Before The Dad and I had children (so I guess he was The Husband), we were visiting NYC and passed the Alice statue by the Conservatory Water and saw kids climbing and crawling all over it. We felt that New York City kids were surely some of the luckiest kids in the world. That moment has become a part of our family lore, and the kids know that no matter how much they've been hustled because we're in a hurry, and no matter how hot or cold it is, if they ask to climb it we almost always give in. Today was no different. Today we just called it gym class.

Here are some of the things we talked about at the Met:



1. Bashford Dean was awesome. We loved his bookplate (above) and plan on designing our own for an art project. The Latin means: "To know the cause of things." Which he clearly embraced. To simultaneously work for the Natural History Museum and the Met... to be a stellar zoologist, while also building the arms and armor department? I bet he was enthralling to chat with. I asked the kids what their two top subjects would be. The Girl: Art and Animals.  The Boy: Chickenology, The Cops/The Fuzz, History (we are still working on math -- i.e. 2 does not equal 3).  



2. The gift of the educators, security guards, and volunteers that work there.
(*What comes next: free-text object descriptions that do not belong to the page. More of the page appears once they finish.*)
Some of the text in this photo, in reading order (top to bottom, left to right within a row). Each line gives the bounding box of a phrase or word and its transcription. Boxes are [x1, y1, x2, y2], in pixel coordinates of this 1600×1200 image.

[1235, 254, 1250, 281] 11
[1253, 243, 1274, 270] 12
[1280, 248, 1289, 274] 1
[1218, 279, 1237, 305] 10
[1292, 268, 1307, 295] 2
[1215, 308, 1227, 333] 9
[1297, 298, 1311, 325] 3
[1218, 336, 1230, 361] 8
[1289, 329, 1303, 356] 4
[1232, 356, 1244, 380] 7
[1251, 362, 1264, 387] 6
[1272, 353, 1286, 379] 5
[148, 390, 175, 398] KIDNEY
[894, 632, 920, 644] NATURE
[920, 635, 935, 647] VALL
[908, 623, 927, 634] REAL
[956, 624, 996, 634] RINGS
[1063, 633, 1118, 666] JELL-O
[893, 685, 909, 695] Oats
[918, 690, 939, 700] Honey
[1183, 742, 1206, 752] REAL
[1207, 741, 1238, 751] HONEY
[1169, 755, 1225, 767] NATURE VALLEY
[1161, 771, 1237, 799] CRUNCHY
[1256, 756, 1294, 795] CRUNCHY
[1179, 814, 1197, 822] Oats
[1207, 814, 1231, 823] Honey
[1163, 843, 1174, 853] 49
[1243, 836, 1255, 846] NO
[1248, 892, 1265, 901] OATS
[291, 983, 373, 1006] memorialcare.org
We asked one volunteer if he had any tidbits for us and he smiled and led us over to the armor made for a five-year old (the great-grandson of Louis the XIV). Perhaps we've noticed it before, but if so, it didn't make an impression on us. Today while the elderly gentleman with his pants pulled up to his nipples pointed out the tiny lions and castles that bedazzled the armor I thought: now we will always remember it. He also showed us a gun that had little squirrels (the shooter pushed on their tails to cock it). Later as we wandered Judd the Red Chicken made a sharp turn and went behind a wall to show The Sister a tiny area where some animal mummies are. He knew their secret whereabouts because of a security guard a long time ago who took the time to point them out to us. 



3. Because of a Colbert clip that they saw a while back (Stephen Colbert asks the curator that came on his show a) if he could lick the paintings and b) if the fob on Washington's trousers are his testicles), the kids have been wanting to see Washington Crossing the Delaware. We have forgotten the last couple of times, but today took a ride in the great glass elevator to the very cool second floor of the American Wing and saw the painting. Yes, when we got home we had to watch the Colbert clip. Say what you will about his appropriateness/inappropriateness, I'm pretty sure they will remember that the painting was done by a German-American painter 75 years after the event (50 years after Washington had died), and that that crossing happened on Christmas. 
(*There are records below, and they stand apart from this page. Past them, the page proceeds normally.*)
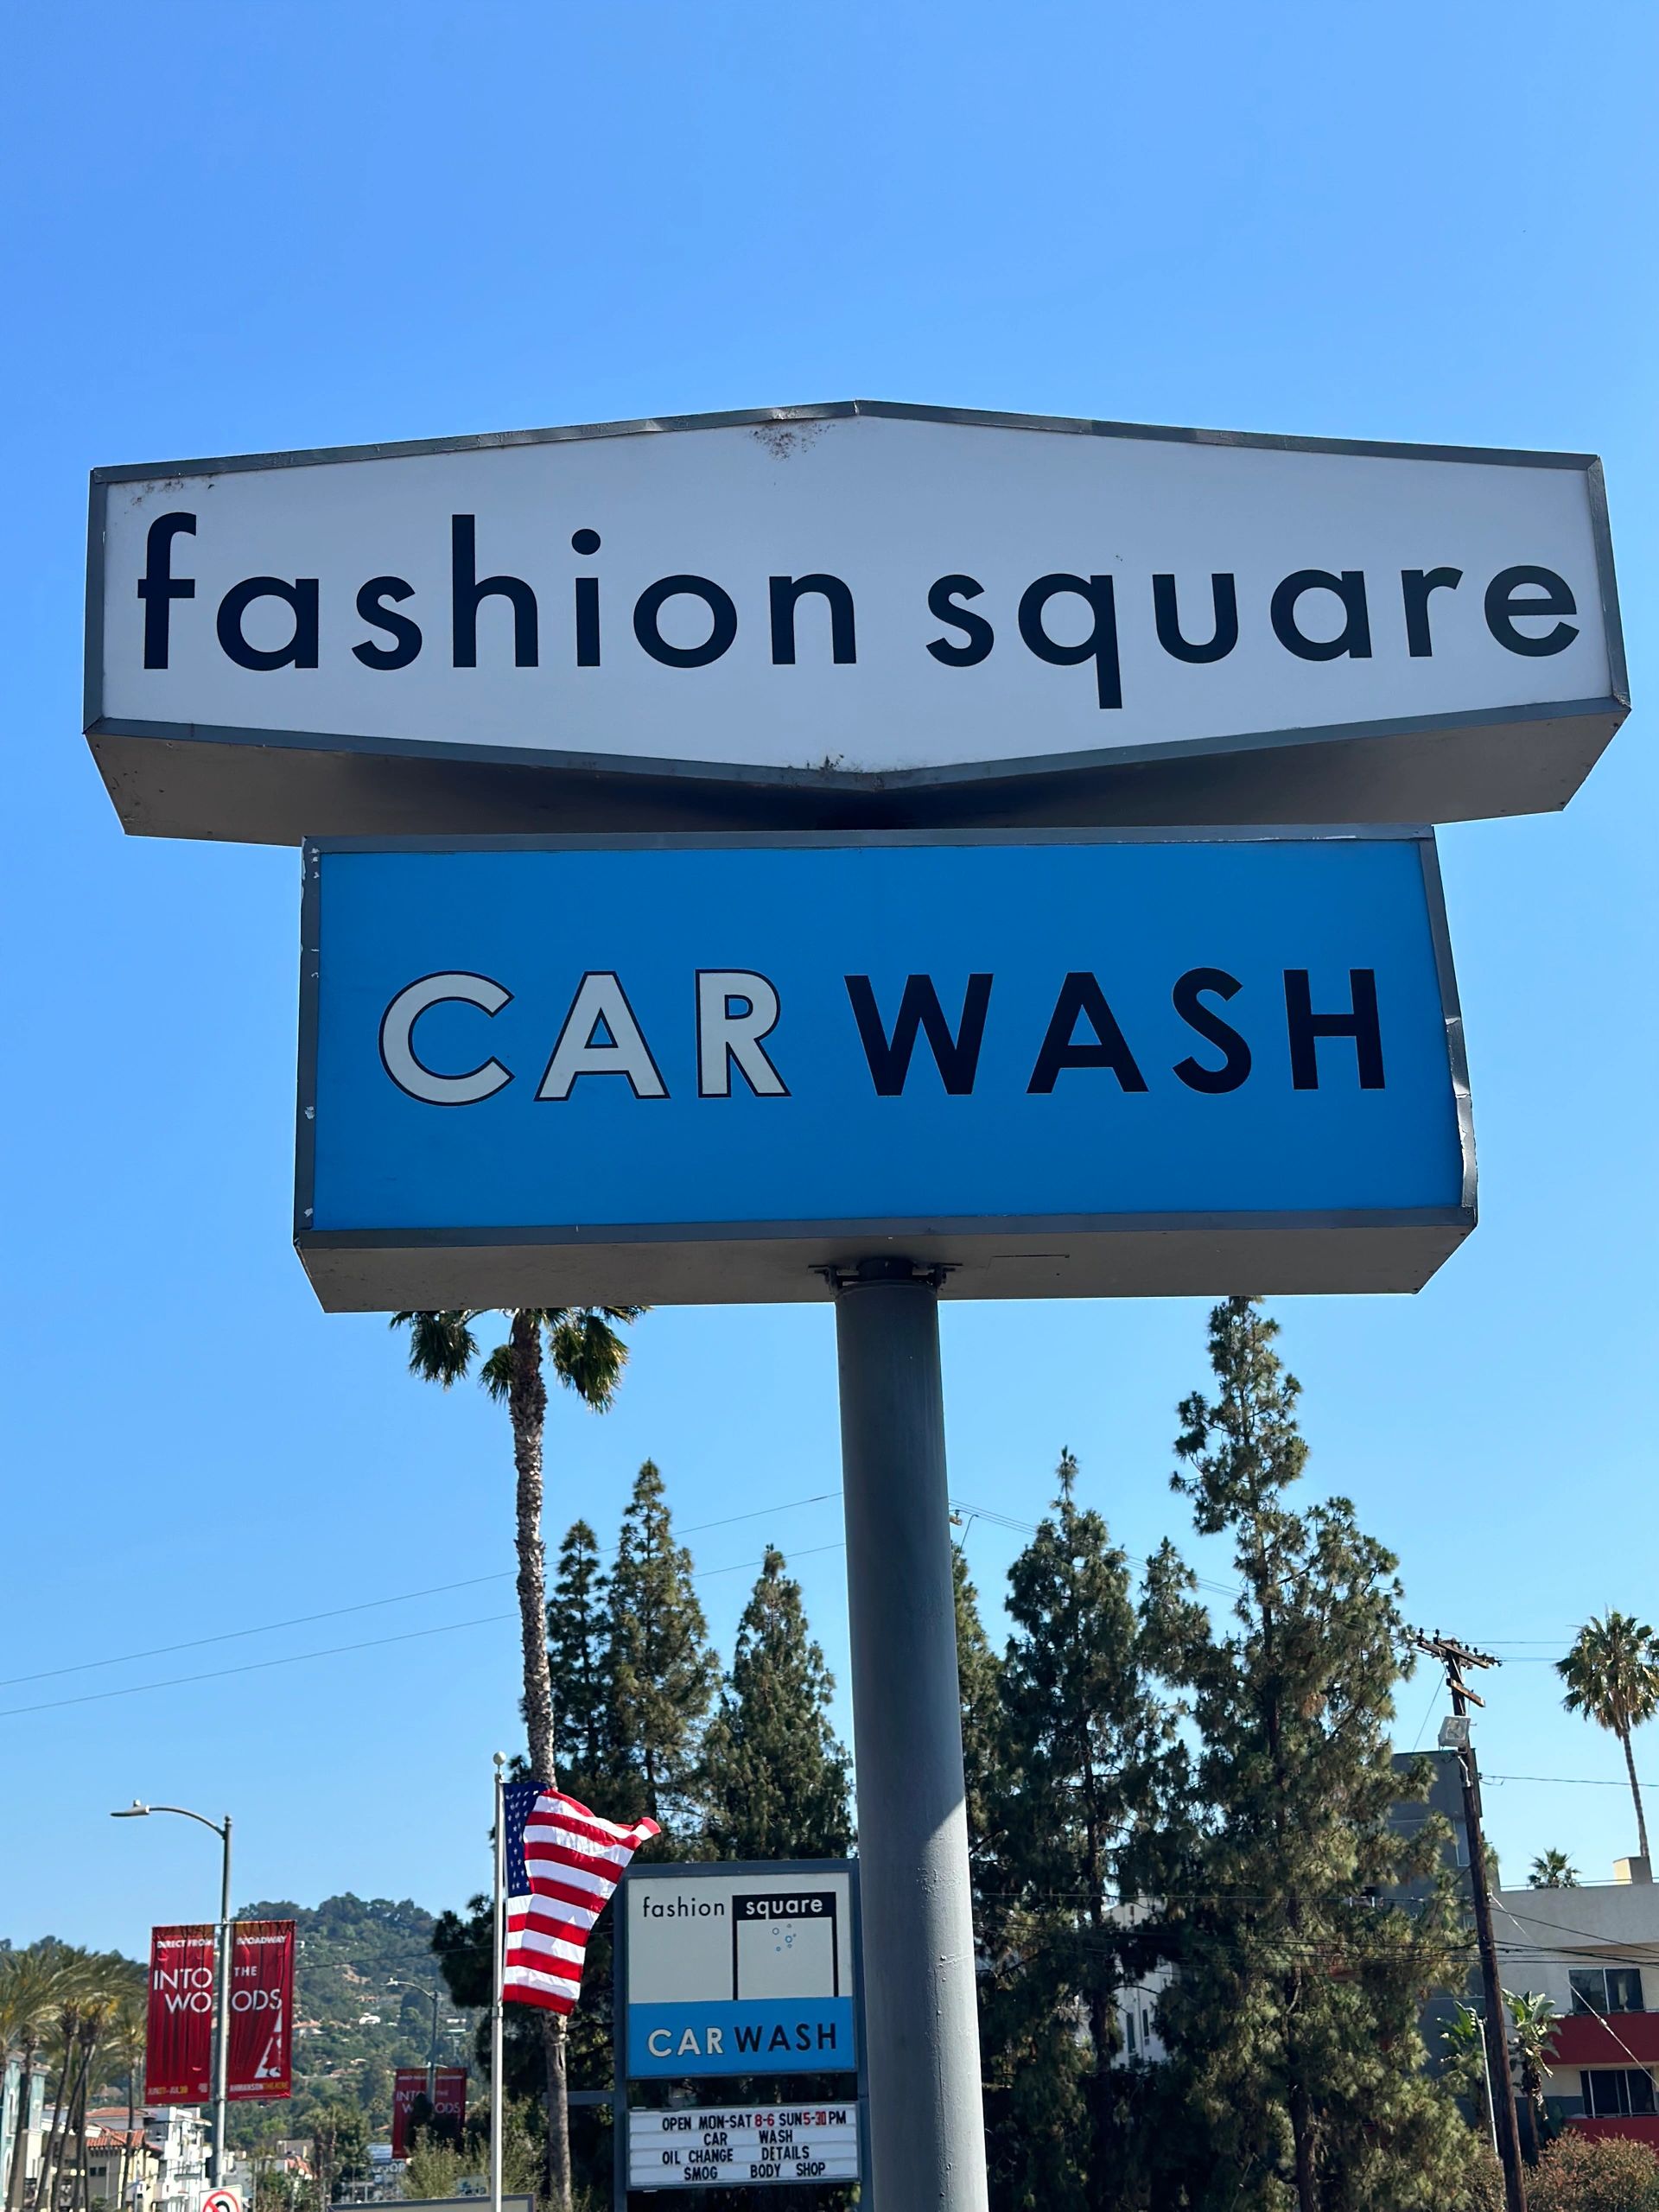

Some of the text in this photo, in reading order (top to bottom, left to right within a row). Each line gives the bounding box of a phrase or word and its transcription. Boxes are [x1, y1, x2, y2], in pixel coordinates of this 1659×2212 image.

[137, 512, 1580, 709] fashion square
[378, 967, 1387, 1107] CAR WASH
[643, 1896, 823, 1920] fashion square
[154, 1967, 213, 1991] INTO
[233, 1966, 257, 1977] THE
[648, 2022, 836, 2057] CAR WASH
[662, 2116, 691, 2131] OPEN
[699, 2114, 752, 2130] MON-SAT
[754, 2113, 774, 2126] 8-6
[779, 2112, 802, 2126] SUN
[829, 2110, 847, 2125] PM
[703, 2130, 793, 2146] CAR WASH
[662, 2145, 810, 2164] OIL CHANGE DETAILS
[683, 2161, 826, 2181] SMOG BODY SHOP
4. In the gallery just outside the Washington Crossing... there is a painting that has this guy. I snapped a picture of it for The Girl, because while she doesn't love going to the Met like the rest of us, she is a good sport and likes to play a game of trying to find all the cool animals lurking in the museum. Today when we walked through the Medieval section I told her that when she was really little that was her favorite section because she loved all the "babies" (as in: the Christ child). She looked at me like I was nuts. Obviously, likenesses of animals have trumped statues of the Madonna and the Son of God. 
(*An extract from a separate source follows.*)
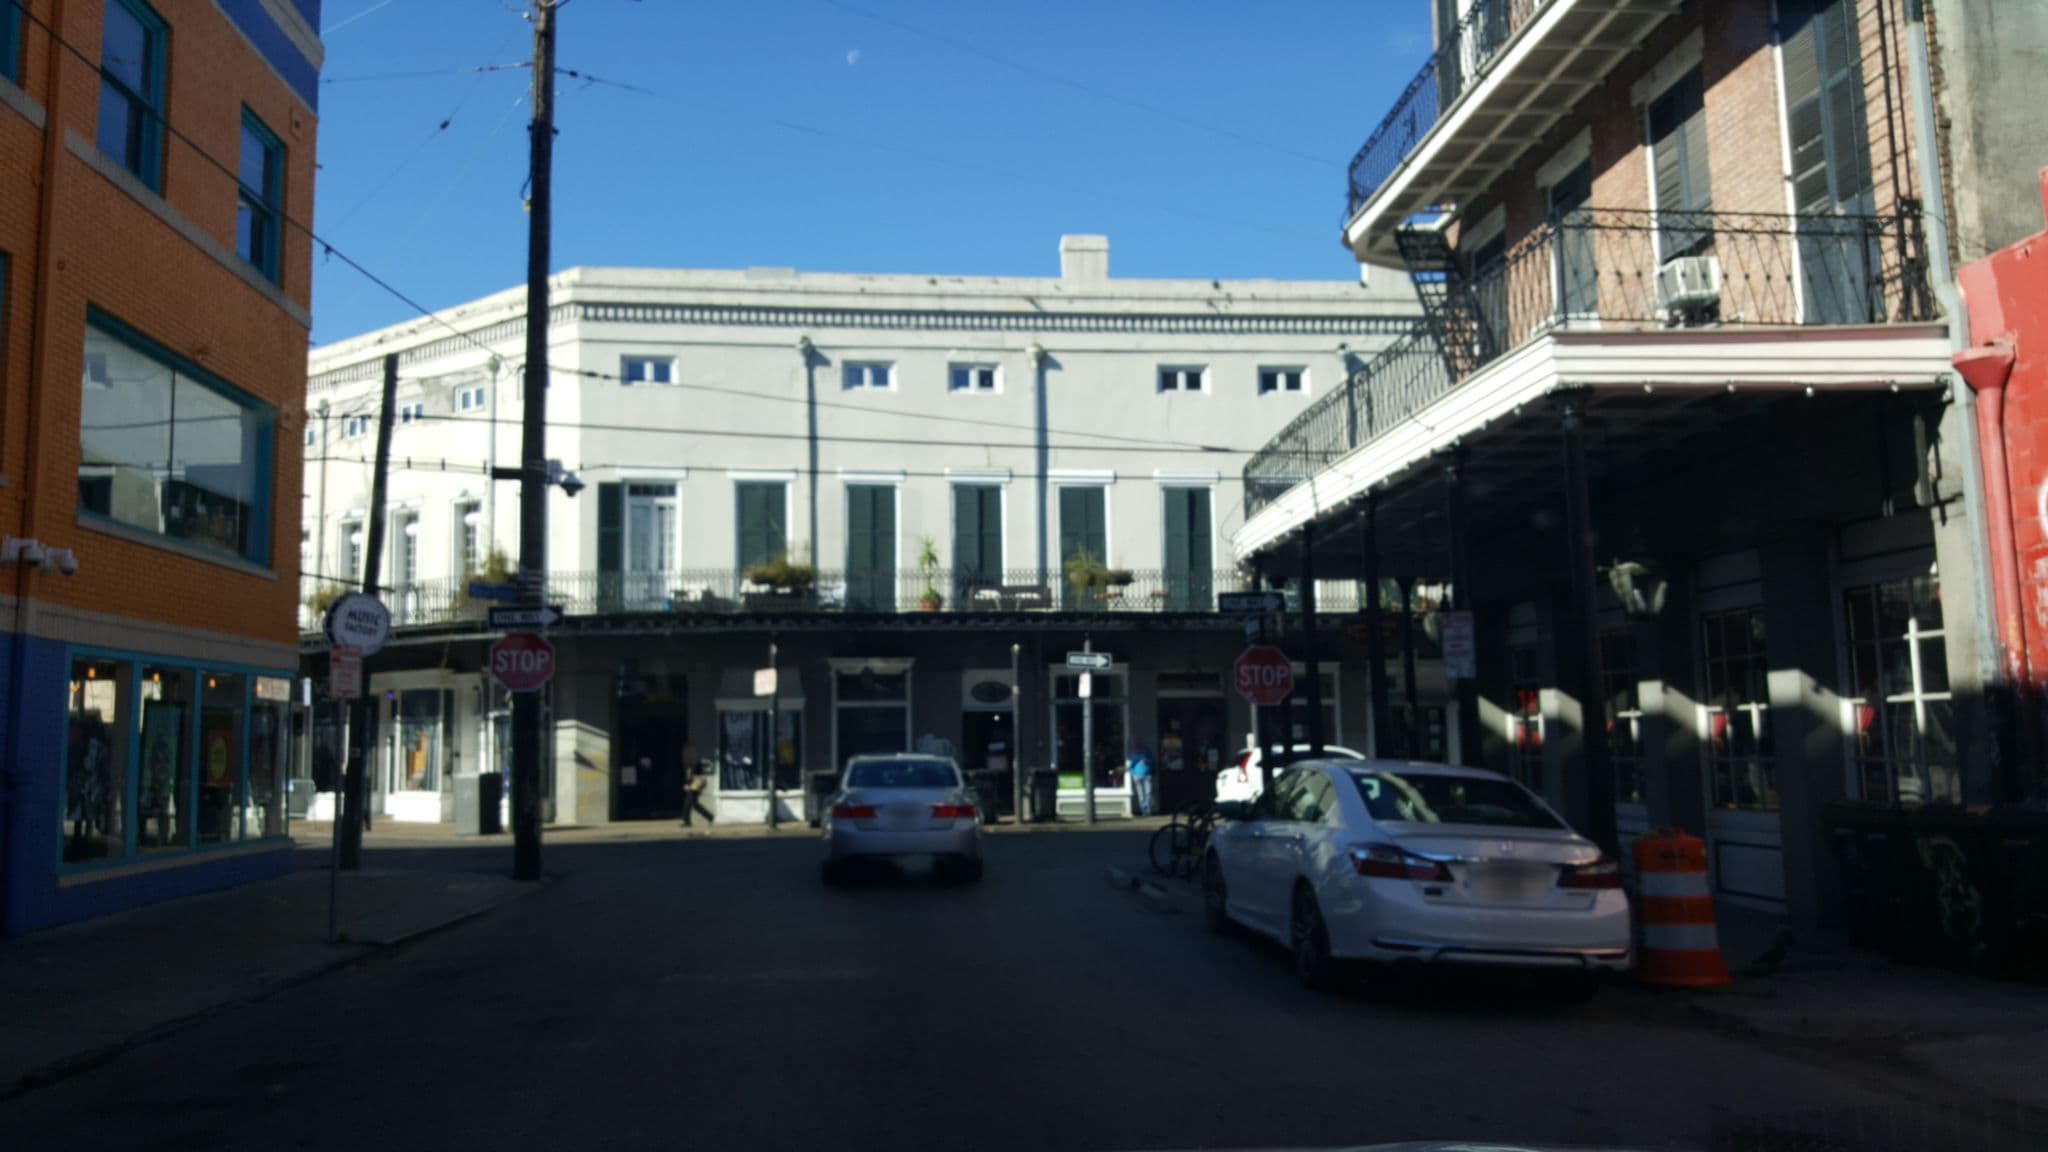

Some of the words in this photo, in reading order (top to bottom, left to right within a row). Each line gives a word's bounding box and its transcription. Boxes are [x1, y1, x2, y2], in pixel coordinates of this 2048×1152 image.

[347, 611, 380, 625] MUSIC
[345, 623, 378, 635] FACTORY
[495, 649, 551, 673] STOP
[1239, 663, 1289, 687] STOP
5. For the sake of being consistent, and creating more of that family lore, I always mention my disapproval of the remodeling of the courtyard in the American Wing (the day I finally saw it after it had been closed for eons I was so flabbergasted I vented my opinion to approximately half a dozen security guards). In my opinion, they took away a bulk of the charm. That having been said, it is still the Met, so still pretty perfect. We still always talk about where we would stay and what we would do if we were Jamie and Claudia Kincaid (From the Mixed-up Files of Ms. Basil E. Frankweiler -- a favorite kid book). 



6. Divorced, beheaded, died, divorced, beheaded, survived. That's a little chant that British schoolchildren learn. So I taught it to mine. This was King Henry XIII's armor. Today I told the kids that he was really upset when one of his wives showed up and was not the great beauty he was told to expect. 

"The thing is," I said all scandalous-like, "He was hideous himself!" 
"Yeah, well, his tush would have been popping out of the back here," said The Girl from behind the case.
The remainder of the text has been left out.